## Exercise objective
Only the pictures stay out; please return all the entries below exactly as written.

## Record extracts

################

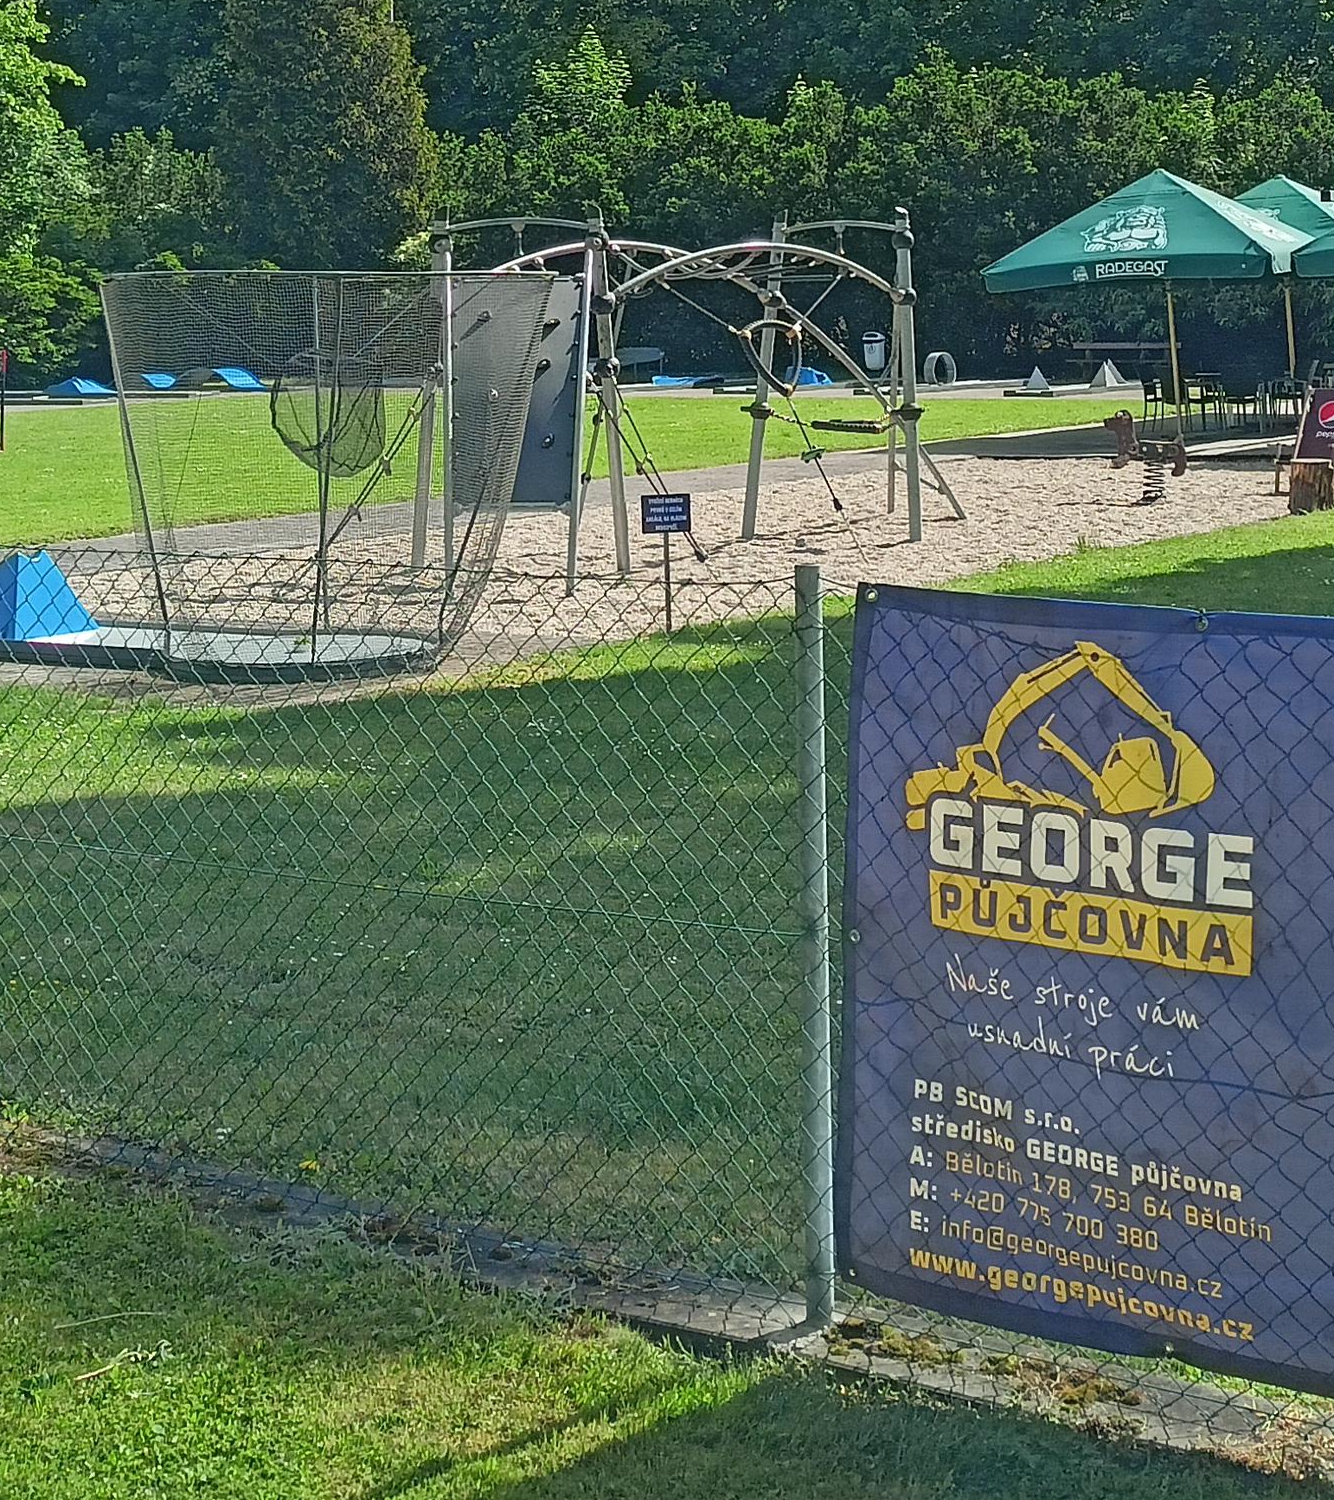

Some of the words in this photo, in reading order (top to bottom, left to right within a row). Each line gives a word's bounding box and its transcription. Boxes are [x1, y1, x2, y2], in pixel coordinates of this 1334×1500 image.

[1095, 261, 1169, 278] RADEGAST
[929, 798, 1254, 909] GEORGE
[939, 880, 1235, 966] PŮJČOVNA
[945, 953, 1013, 1000] Naše
[1034, 976, 1113, 1026] stroje
[1136, 997, 1200, 1030] vám
[968, 1016, 1072, 1059] usnadní
[1088, 1045, 1174, 1080] práci
[914, 1078, 943, 1102] PB
[955, 1086, 1013, 1121] SCOM
[1024, 1108, 1080, 1135] s.r.o.
[910, 1145, 933, 1168] A:
[946, 1151, 1023, 1186] Bělotín
[1032, 1172, 1077, 1204] 178,
[1091, 1184, 1131, 1213] 753
[1143, 1196, 1172, 1220] 64
[1185, 1204, 1271, 1242] Bělotín
[911, 1113, 1015, 1153] středisko
[1026, 1138, 1118, 1177] GEORGE
[1131, 1161, 1242, 1202] půjčovna
[910, 1177, 937, 1201] M:
[950, 1188, 1005, 1213] +420
[1017, 1197, 1051, 1227] 775
[1062, 1212, 1103, 1240] 700
[1116, 1224, 1159, 1251] 380
[910, 1210, 930, 1233] E:
[942, 1214, 1223, 1298] info@georgepujcovna.cz
[910, 1248, 1255, 1342] www.georgepujcovna.cz
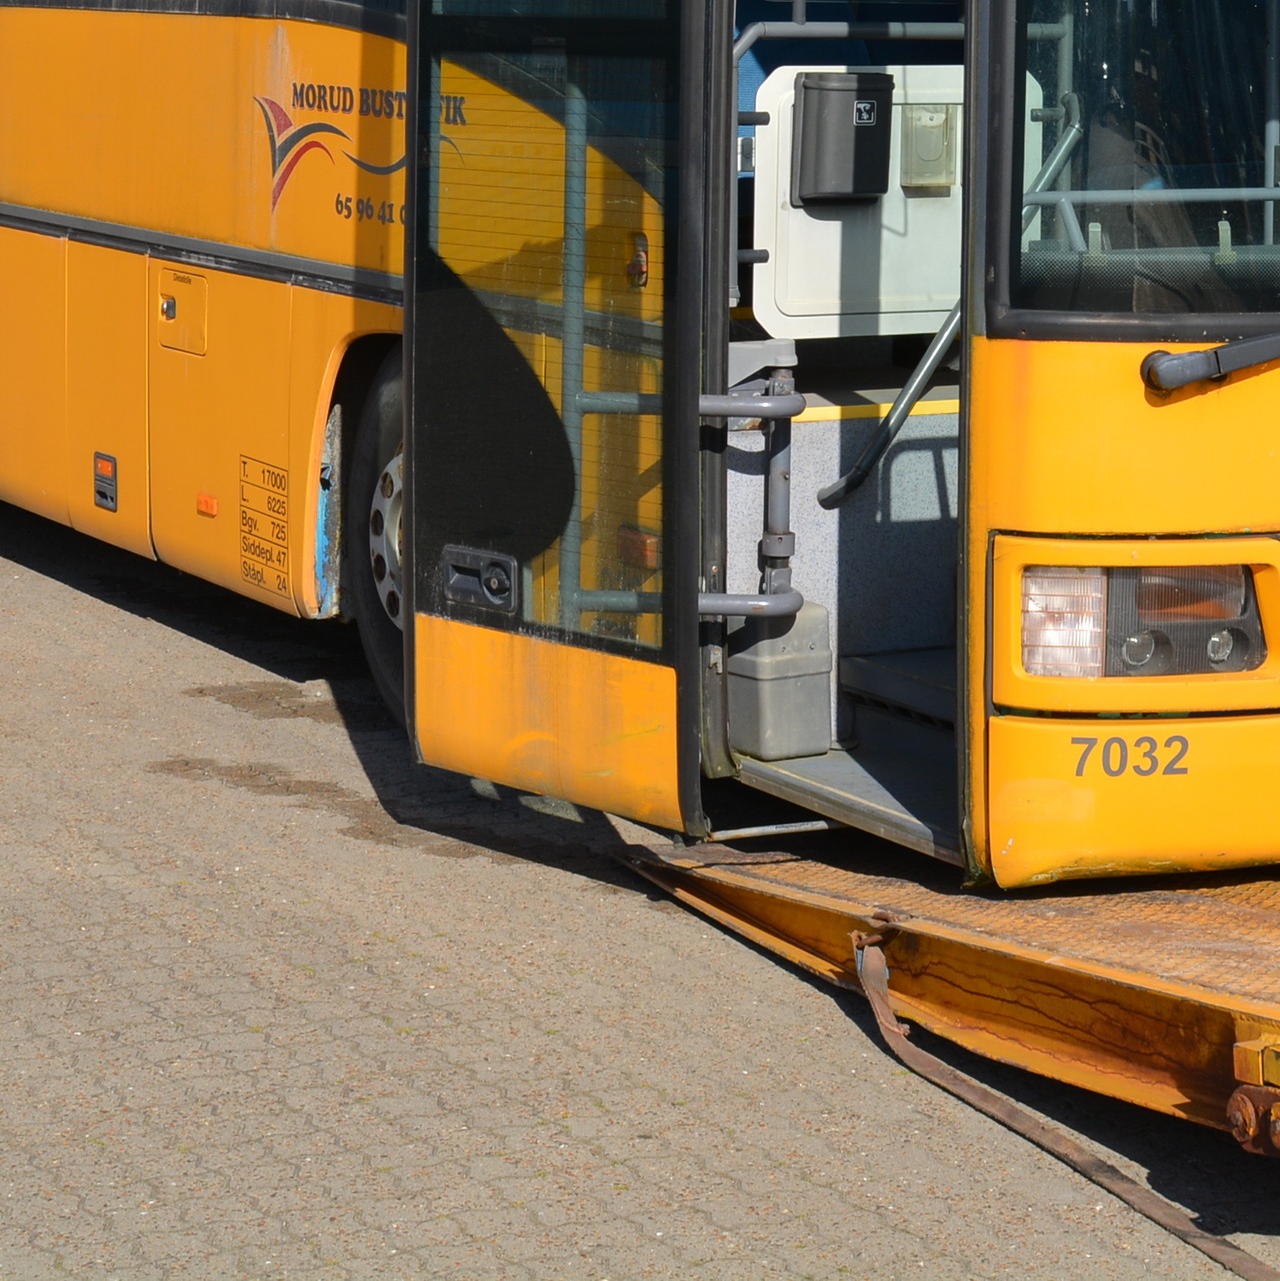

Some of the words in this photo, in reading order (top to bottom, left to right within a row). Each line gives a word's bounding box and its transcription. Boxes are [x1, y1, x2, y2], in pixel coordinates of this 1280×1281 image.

[292, 82, 354, 113] MORUD
[335, 193, 352, 219] 65
[356, 197, 374, 222] 96
[377, 201, 395, 225] 41
[241, 461, 249, 478] T.
[261, 468, 286, 491] 17000
[241, 485, 249, 503] L.
[267, 495, 286, 517] 6225
[241, 510, 259, 533] Bgv.
[271, 521, 286, 542] 725
[241, 535, 275, 564] Siddepl.
[276, 550, 286, 568] 47
[242, 561, 266, 585] Ståpl.
[276, 574, 287, 593] 24
[1071, 735, 1189, 777] 7032
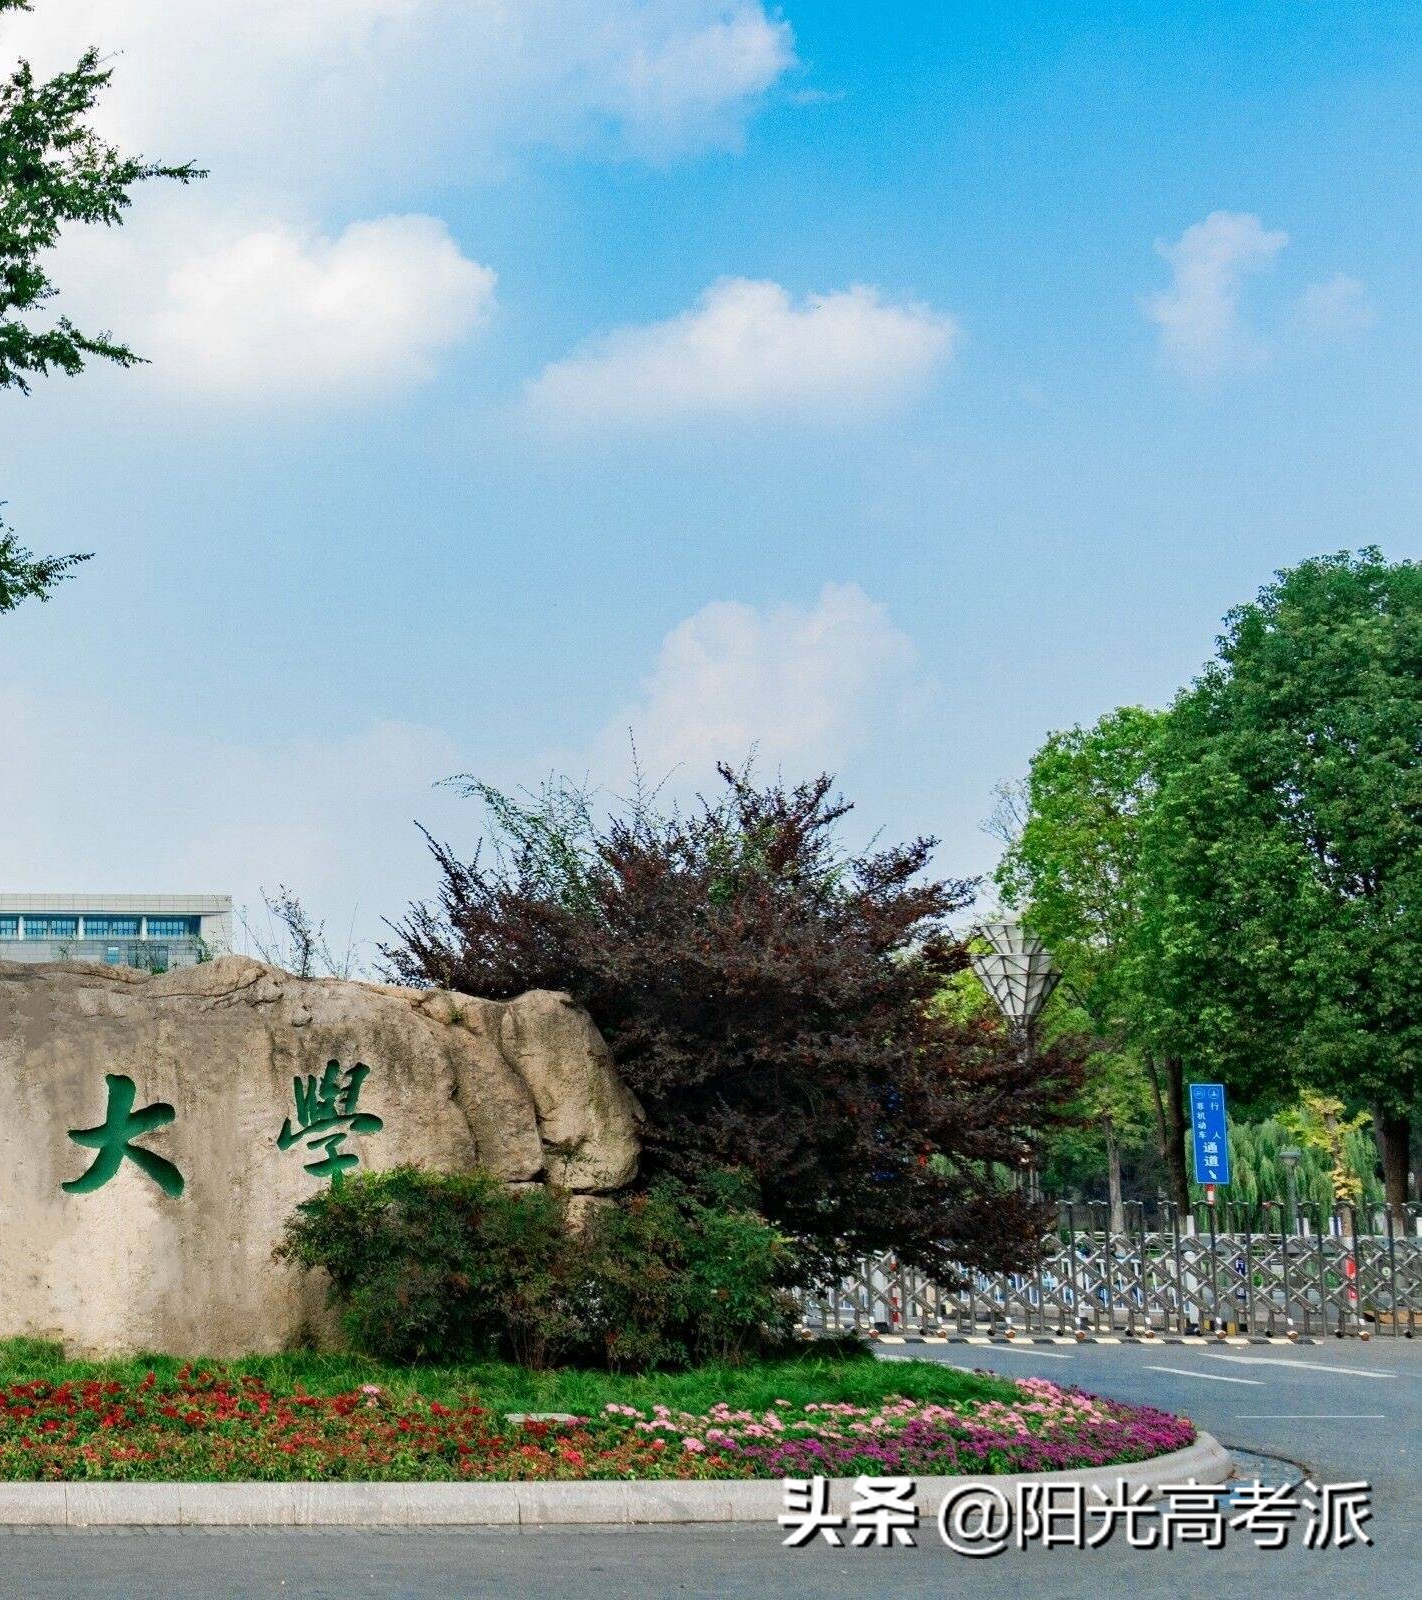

################

## Answer space
Some of the words in this photo, in reading order (top to bottom, left to right within a row). Each line gives a word's bounding box and its transcription. Boxes are [x1, y1, x2, y2], in pixel coordinates of this 1334×1500 image.

[1095, 261, 1169, 278] RADEGAST
[929, 798, 1254, 909] GEORGE
[939, 880, 1235, 966] PŮJČOVNA
[945, 953, 1013, 1000] Naše
[1034, 976, 1113, 1026] stroje
[1136, 997, 1200, 1030] vám
[968, 1016, 1072, 1059] usnadní
[1088, 1045, 1174, 1080] práci
[914, 1078, 943, 1102] PB
[955, 1086, 1013, 1121] SCOM
[1024, 1108, 1080, 1135] s.r.o.
[910, 1145, 933, 1168] A:
[946, 1151, 1023, 1186] Bělotín
[1032, 1172, 1077, 1204] 178,
[1091, 1184, 1131, 1213] 753
[1143, 1196, 1172, 1220] 64
[1185, 1204, 1271, 1242] Bělotín
[911, 1113, 1015, 1153] středisko
[1026, 1138, 1118, 1177] GEORGE
[1131, 1161, 1242, 1202] půjčovna
[910, 1177, 937, 1201] M:
[950, 1188, 1005, 1213] +420
[1017, 1197, 1051, 1227] 775
[1062, 1212, 1103, 1240] 700
[1116, 1224, 1159, 1251] 380
[910, 1210, 930, 1233] E:
[942, 1214, 1223, 1298] info@georgepujcovna.cz
[910, 1248, 1255, 1342] www.georgepujcovna.cz

Some of the words in this photo, in reading order (top to bottom, left to right within a row). Each line gives a word's bounding box and its transcription. Boxes are [x1, y1, x2, y2], in pixel coordinates of this 1280×1281 image.

[292, 82, 354, 113] MORUD
[335, 193, 352, 219] 65
[356, 197, 374, 222] 96
[377, 201, 395, 225] 41
[241, 461, 249, 478] T.
[261, 468, 286, 491] 17000
[241, 485, 249, 503] L.
[267, 495, 286, 517] 6225
[241, 510, 259, 533] Bgv.
[271, 521, 286, 542] 725
[241, 535, 275, 564] Siddepl.
[276, 550, 286, 568] 47
[242, 561, 266, 585] Ståpl.
[276, 574, 287, 593] 24
[1071, 735, 1189, 777] 7032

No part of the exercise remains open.